Chinese dissident’s son barred from study in Australia
An 18-year-old Chinese student intending to study at Melbourne University was on Monday barred from leaving the country because his mother is a prominent human rights lawyer.
Migration officers at Tianjin Airport cut up the passport of Bao Zhuoxuan in front of him — on instruction, they said, from State Security Ministry colleagues in Hohhot in Inner Mongolia, where the family lives.
His father, Bao Longjun, asked The Australian by phone: “What has our son done wrong, to stop him going to study?
‘‘What crime has he committed to place him under such persecution?”
The reason given to the young man by the officers at the airport was that “your departure may jeopardise state security, so you’re not allowed to leave China”.
His mother, Wang Yu, 46, who works with the Beijing-based Fengrui law firm, is one of 300 human rights lawyers and support staff arrested in a nationwide sweep on July 9, 2015.

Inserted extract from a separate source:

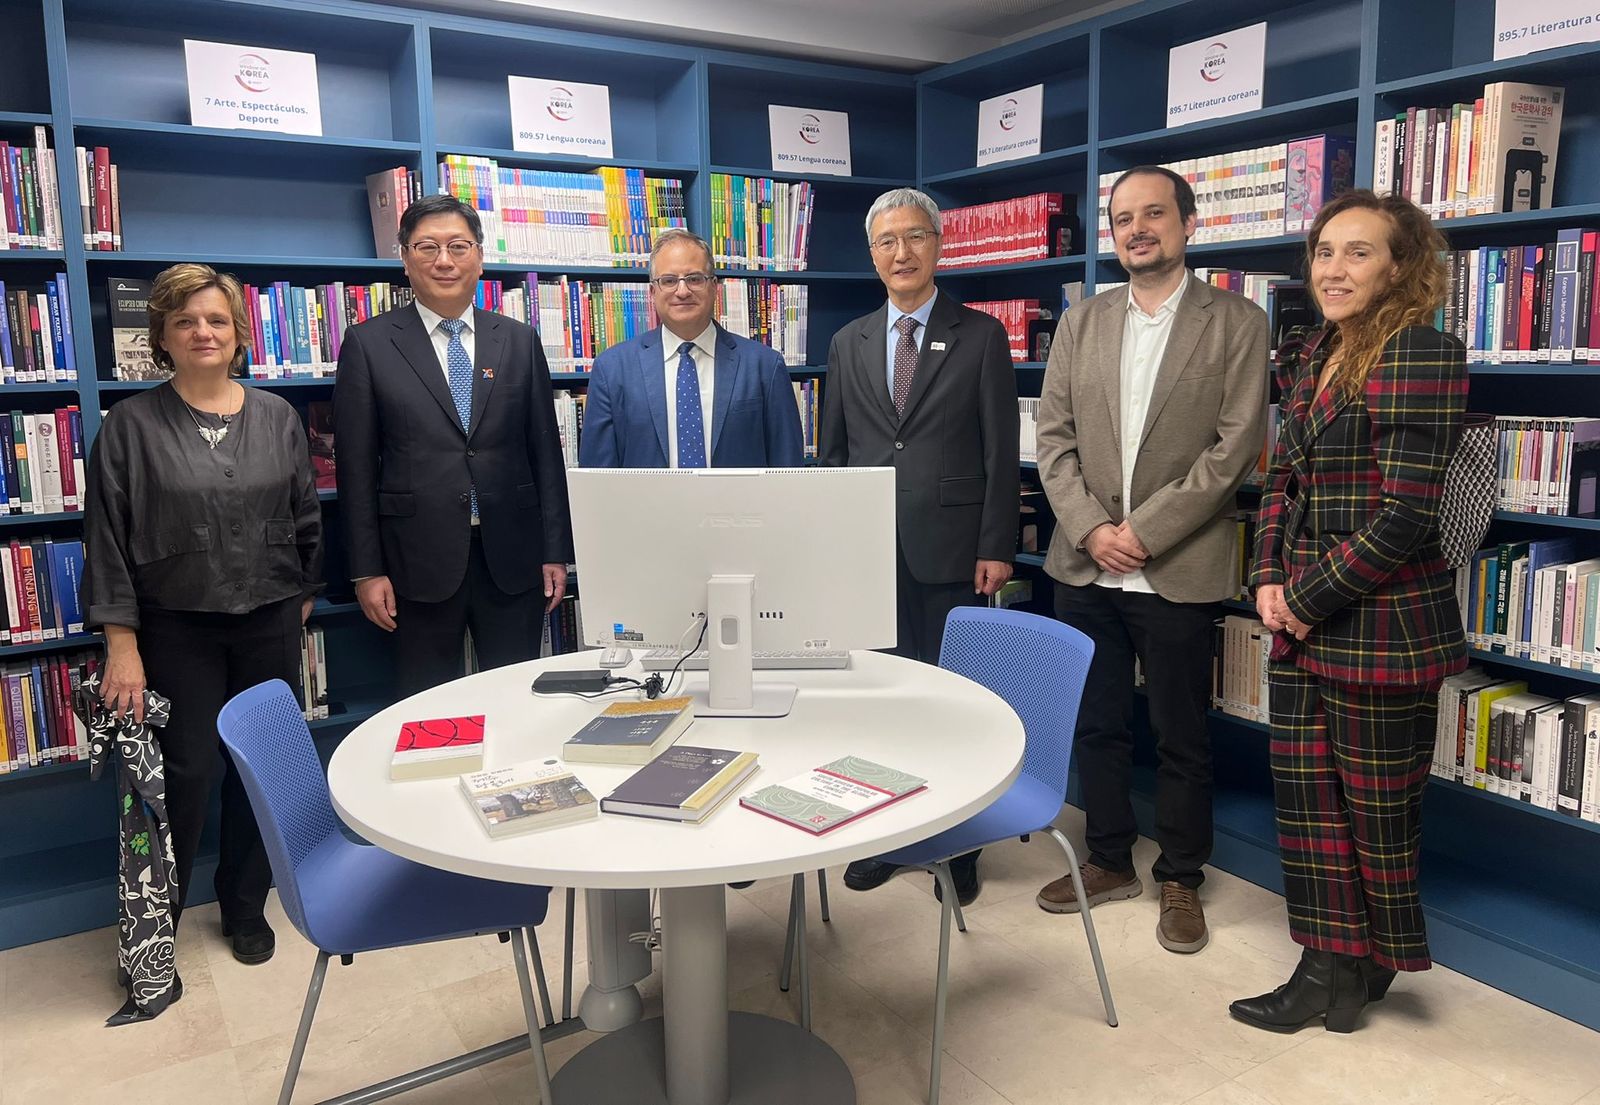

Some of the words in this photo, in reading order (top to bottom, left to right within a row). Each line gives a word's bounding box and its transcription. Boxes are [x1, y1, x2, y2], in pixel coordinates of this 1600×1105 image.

Ms Wang, a commercial lawyer who switched her focus following a verbal dispute with a railway official for which she was jailed for “intentional assault”, was eventually charged, after lengthy detention, with subverting state power, like many other lawyers.
She defended Ilham Toti, a Uighur intellectual, the “Feminist Five” women’s rights group, and followers of Falun Gong.

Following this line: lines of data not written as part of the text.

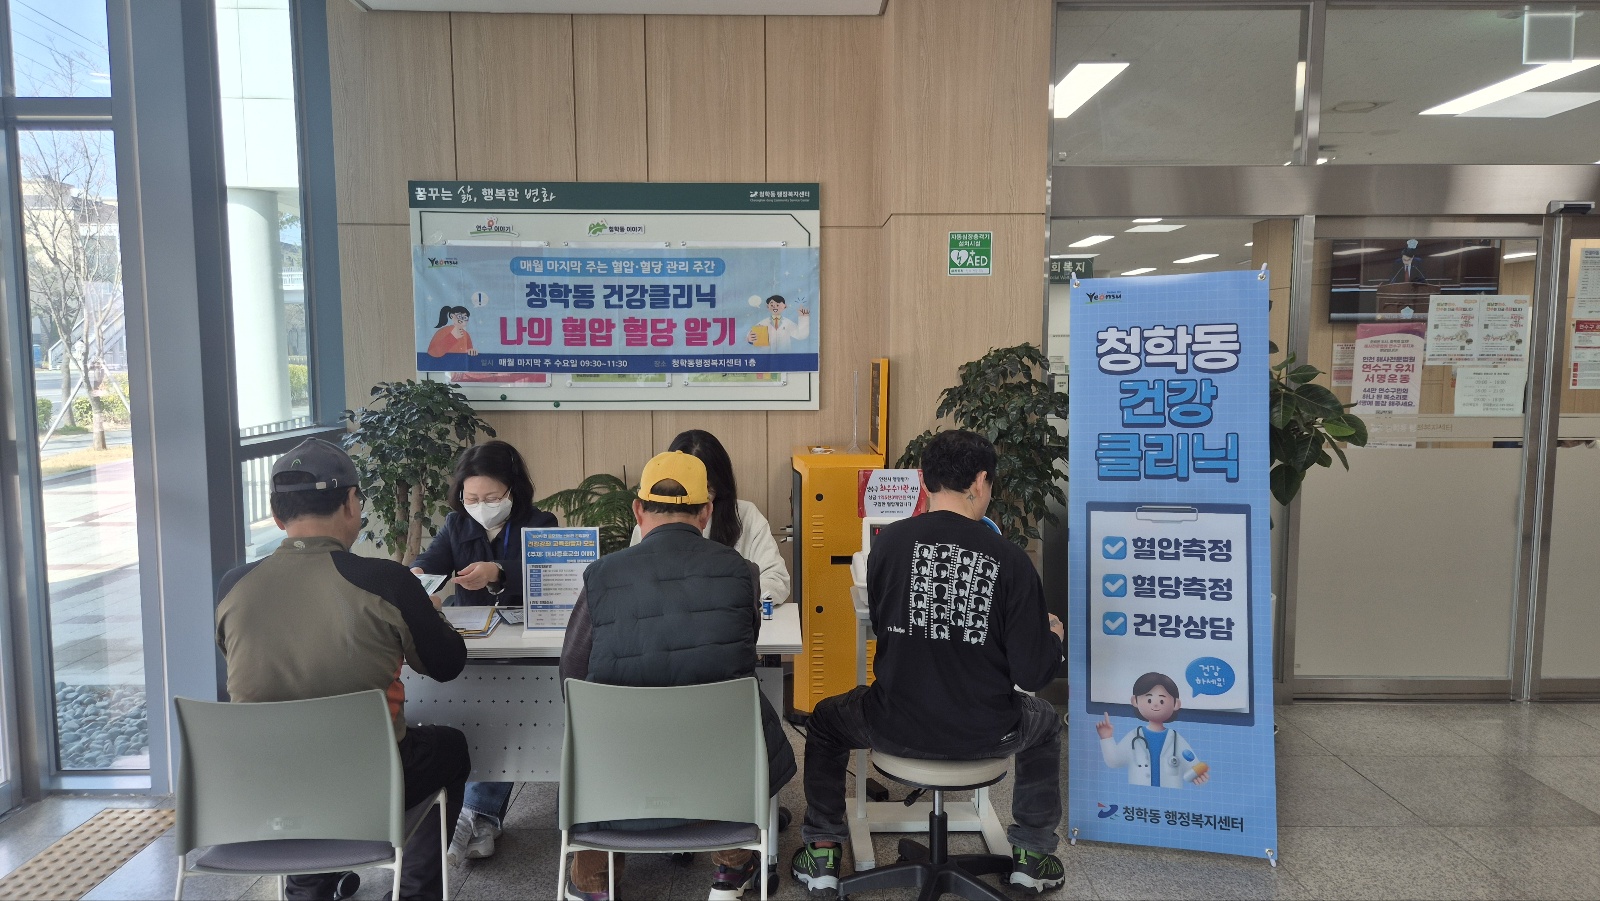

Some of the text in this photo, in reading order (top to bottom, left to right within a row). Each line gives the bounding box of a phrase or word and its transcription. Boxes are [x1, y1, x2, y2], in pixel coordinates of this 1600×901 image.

[415, 185, 557, 203] 꿈꾸는 삶, 행복한 변화
[475, 224, 493, 233] 연수구
[428, 257, 458, 267] Yeonsu
[519, 259, 715, 274] 매월 마지막 주는 혈압·혈당 관리 주간
[966, 255, 988, 267] AED
[1050, 261, 1086, 273] 회복지
[525, 281, 717, 310] 청학동 건강클리닉
[1086, 291, 1122, 303] Yeonsu
[499, 316, 736, 347] 나의 혈압 혈당 알기
[1096, 322, 1241, 375] 청학동
[480, 358, 628, 368] 일시 매월 마지막 주 수요일 09:30~11:30
[654, 359, 757, 368] 장소 청학동행정복지센터 1층
[1361, 363, 1415, 373] 연수구 유치
[1364, 373, 1411, 384] 서명운동
[1119, 377, 1219, 429] 건강
[1095, 432, 1240, 483] 클리닉
[879, 483, 909, 494] 최우수기관
[1131, 536, 1233, 563] 혈압측정
[1131, 574, 1234, 602] 혈당측정
[1132, 613, 1235, 641] 건강상담
[1199, 664, 1222, 677] 건강
[1195, 676, 1226, 687] 하세요!
[1122, 805, 1244, 833] 청학동 행정복지센터

State news agency Xinhua described her as “this arrogant woman with a criminal record, blabbering about the rule of law, human rights and justice, roaming around under the flag of ‘defending rights’ ”.

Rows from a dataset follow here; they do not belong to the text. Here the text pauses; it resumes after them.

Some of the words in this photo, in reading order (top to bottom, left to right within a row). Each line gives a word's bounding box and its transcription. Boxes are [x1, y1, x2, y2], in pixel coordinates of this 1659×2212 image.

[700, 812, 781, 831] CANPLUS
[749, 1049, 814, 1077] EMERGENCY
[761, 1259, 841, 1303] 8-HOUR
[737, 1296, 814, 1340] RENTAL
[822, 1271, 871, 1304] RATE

The American Bar Association gave her its inaugural International Human Rights Award, in absentia.
Its president, Paulette Brown, said: “We recognise her important work to protect human rights and to advocate that the Chinese government respect the independence of the judiciary and the legal pro- fession, and observe fair trial and due process standards.”
Ms Wang was released at the end of last year after giving an apparently coerced televised “confession” that she had been used by foreign enemies to undermine China’s reputation.
She and her husband — who had also been arrested — agreed as a condition of their release, in discussion with Inner Mongolian State Security officers, that they would cease their public advocacy.
But Mr Bao said they considered that this agreement had now been broken, as a result of the punishment inflicted on their son.
The son had passed the International English Language Testing System examination, and was going to fly first to Tokyo to stay with friends as he awaited the hoped-for offer from Melbourne University.
He already has offers from three other Australian universities.
His parents were accompanying him at Tianjin Airport.
Shortly before the parents were held in the nationwide raid on lawyers two years ago, the son had gone to Beijing International Airport to fly to Australia.
The family had earlier arranged for him to complete his high school education in Australia.
But on this earlier occasion he was also barred from departing, and was taken by police to nearby Tianjin, where he was questioned, and his face was slapped.
He was escorted back to Hohhot — where he stayed with his grandmother after his parents were detained.
The Australian contacted the State Security Ministry in Hohhot to comment about this week’s airport incident, but the ministry has so far not responded.